* **ASSIGNMENT**
Transcribe each record word for word. Skip the images.
╭─ DATA PROVIDED
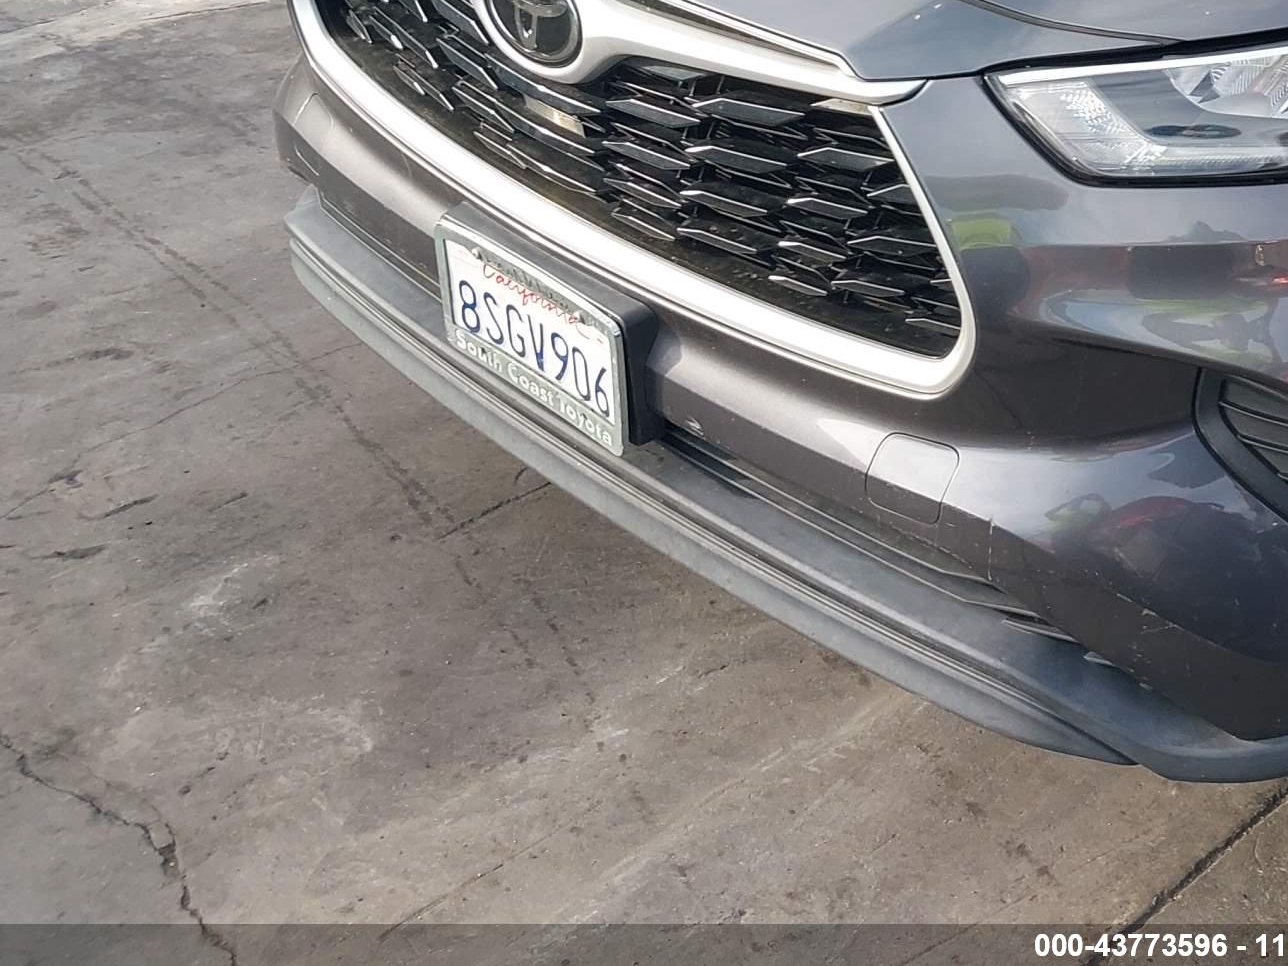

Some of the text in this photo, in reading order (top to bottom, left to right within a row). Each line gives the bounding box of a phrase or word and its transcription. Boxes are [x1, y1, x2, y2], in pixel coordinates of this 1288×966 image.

[454, 329, 613, 447] South Coast Toyota
[459, 280, 610, 418] 8SGV906
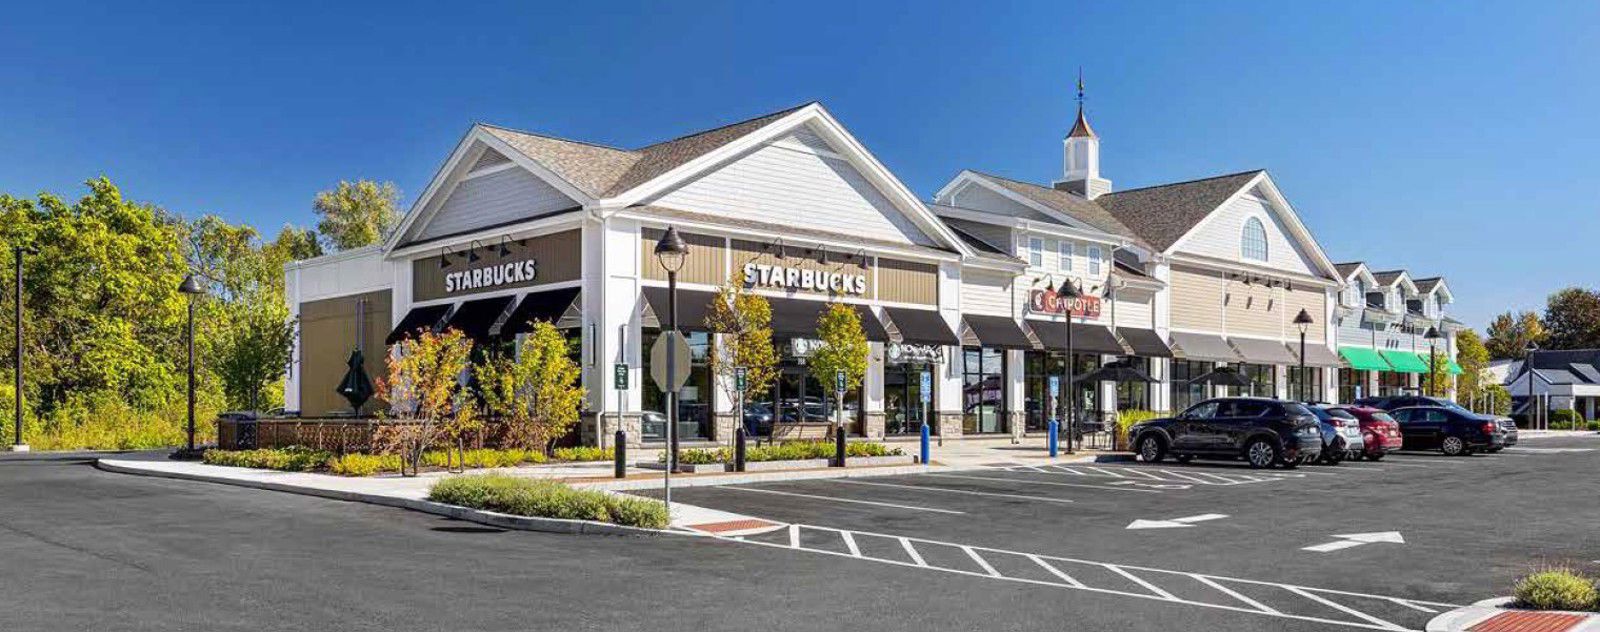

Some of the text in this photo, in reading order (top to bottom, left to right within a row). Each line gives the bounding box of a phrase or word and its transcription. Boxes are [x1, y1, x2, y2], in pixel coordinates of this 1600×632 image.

[446, 260, 535, 292] STARBUCKS
[744, 262, 866, 294] STARBUCKS
[1048, 295, 1099, 312] CHIPOTLE
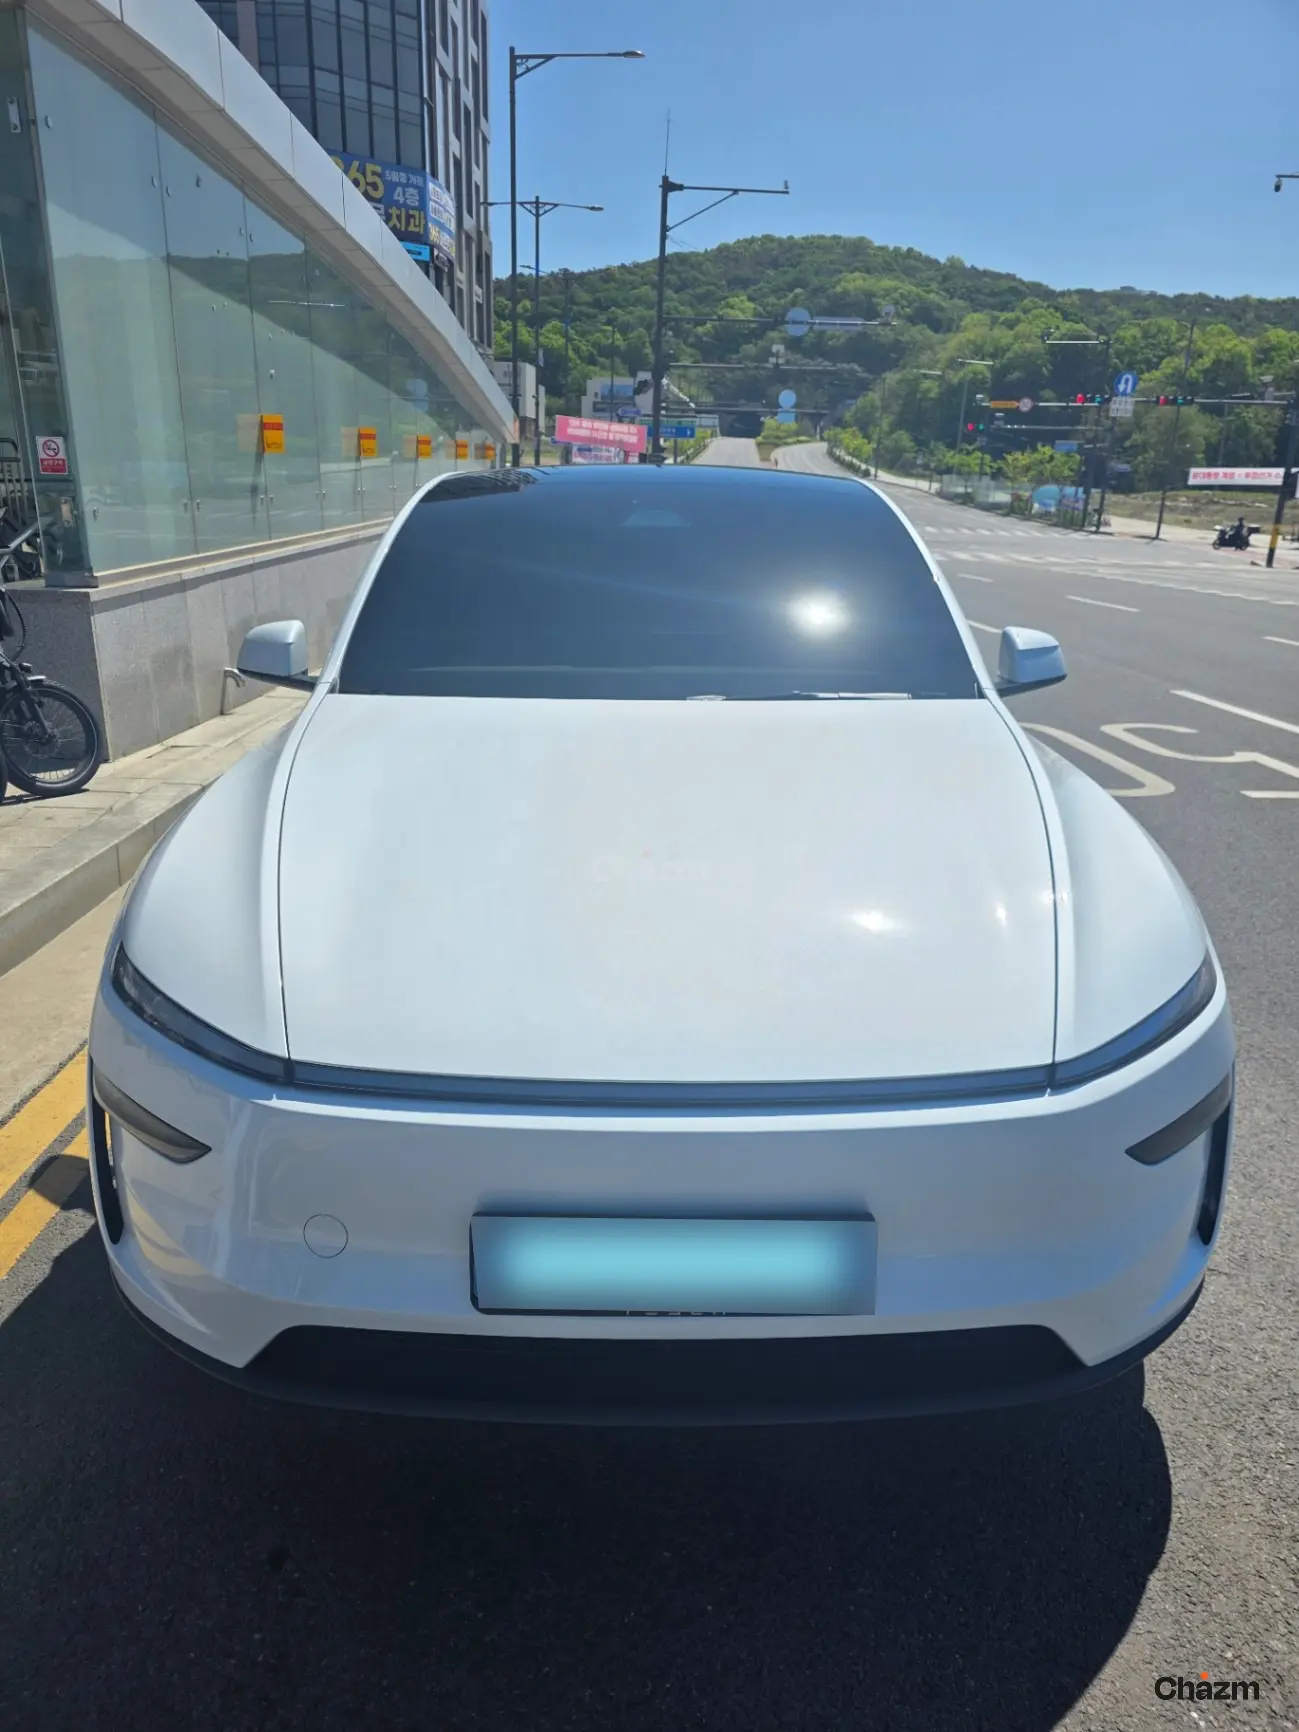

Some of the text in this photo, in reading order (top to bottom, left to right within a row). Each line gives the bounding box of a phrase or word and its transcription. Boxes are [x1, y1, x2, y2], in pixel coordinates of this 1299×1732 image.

[331, 155, 385, 199] 65
[393, 186, 420, 207] 4층
[387, 206, 426, 235] 치과
╰─
* **YOUR SOLUTION**
Some of the text in this photo, in reading order (top to bottom, left to right within a row). Each line gives the bounding box of a phrase or word and its transcription. Boxes are [x1, y1, x2, y2], in pixel coordinates of this 1288×966 image.

[454, 329, 613, 447] South Coast Toyota
[459, 280, 610, 418] 8SGV906

Some of the text in this photo, in reading order (top to bottom, left to right within a row). Each line gives the bounding box of a phrase or word and its transcription. Boxes are [x1, y1, x2, y2], in pixel coordinates of this 1600×632 image.

[446, 260, 535, 292] STARBUCKS
[744, 262, 866, 294] STARBUCKS
[1048, 295, 1099, 312] CHIPOTLE

Some of the text in this photo, in reading order (top to bottom, left to right within a row). Each line gives the bounding box of a phrase or word and its transcription. Boxes are [x1, y1, x2, y2], in pixel coordinates of this 1299×1732 image.

[331, 155, 385, 199] 65
[393, 186, 420, 207] 4층
[387, 206, 426, 235] 치과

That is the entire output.